Everest Fang is a student at Harvard Law School.
In today’s news and commentary: Southern governors oppose UAW organizing in their states, Florida bans local heat protections for workers, and Google employees occupy company offices to protest contracts with the Israeli government.
Yesterday, the governors of six Southern states warned their residents that joining the United Auto Workers (UAW) would threaten jobs and “the values we live by.” The joint statement from the Republican governors came just a day before 4,300 Volkswagen workers in Chattanooga, Tennessee are set to start voting on whether to join the union. As Sunah wrote yesterday, several conservative politicians in Tennessee have spoken against the union, urging Volkswagen workers to vote no. The governors’ announcement adds high-profile firepower to the union’s opposition. “The reality is companies have choices when it comes to where to invest and bring jobs and opportunity,” the governors of Tennessee, Alabama, Georgia, Mississippi, South Carolina and Texas wrote. “Unionization would certainly put our states’ jobs in jeopardy.” Democrats in Tennessee criticized the governors, and voiced support for the UAW. Workers at the Tennessee plant will cast ballots from Wednesday through Friday evening.
Last week, Florida Governor Ron DeSantis signed legislation barring local and municipal governments from requiring their own heat protections for workers.

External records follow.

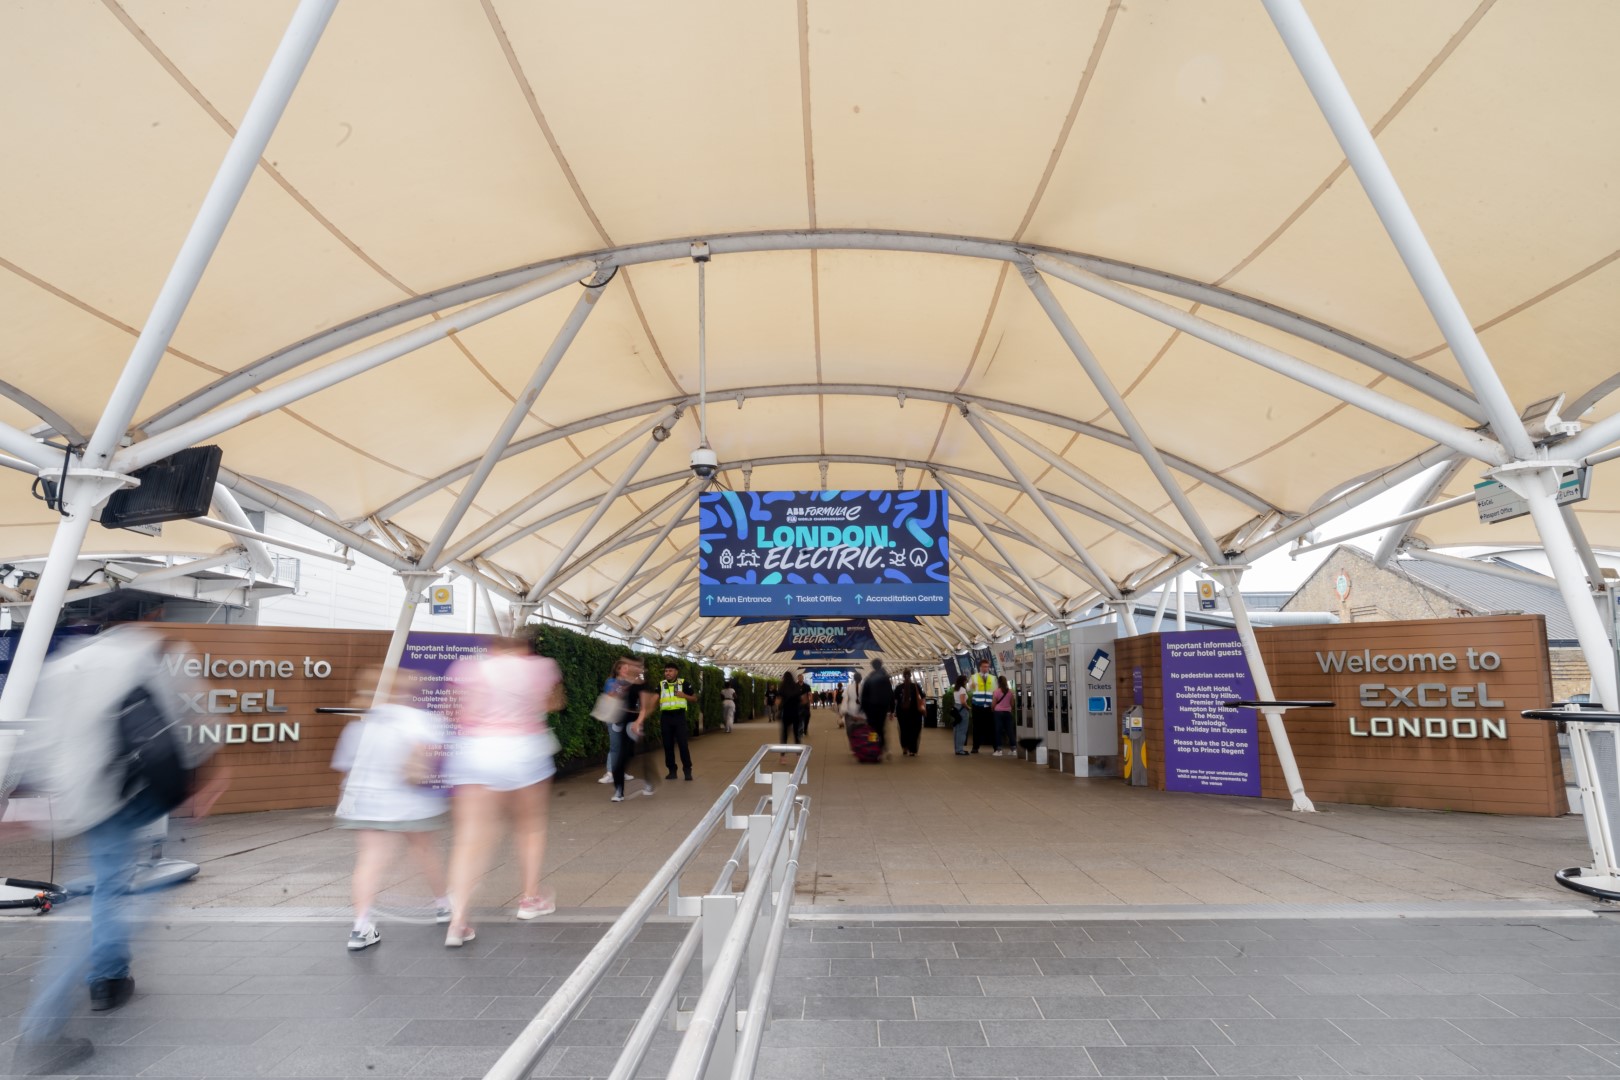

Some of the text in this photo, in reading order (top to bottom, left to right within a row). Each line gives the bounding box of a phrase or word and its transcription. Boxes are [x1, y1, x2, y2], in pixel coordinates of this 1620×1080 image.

[805, 506, 847, 516] FORMULA
[757, 525, 896, 548] LONDON.
[764, 544, 885, 570] ELECTRIC.
[792, 627, 846, 636] LONDON.
[792, 635, 835, 643] ELECTRIC.
[406, 644, 444, 652] Important
[1203, 641, 1243, 649] informatio
[159, 653, 332, 678] Welcome to
[1316, 648, 1500, 673] Welcome to
[1349, 717, 1508, 739] LONDON

The law restricts local authorities from “[r]equiring an employer, including an employer contracting with the political subdivision, to meet or provide heat exposure requirements not otherwise required under state or federal law” or “[g]iving preference, or considering or seeking information, in a competitive solicitation to an employer based on the employer’s heat exposure requirements,” according to a summary released by the Legislature. The bill’s passage comes after the state’s most populous county, Miami-Dade, considered local heat protection rules that would have required employers to provide shade, water and 10-minute breaks to workers every two hours on days over a certain heat threshold. County commissioners rejected the proposal in November over concerns it would hamstring businesses. The new bill makes Florida the second state, after Texas, to ban local heat protections.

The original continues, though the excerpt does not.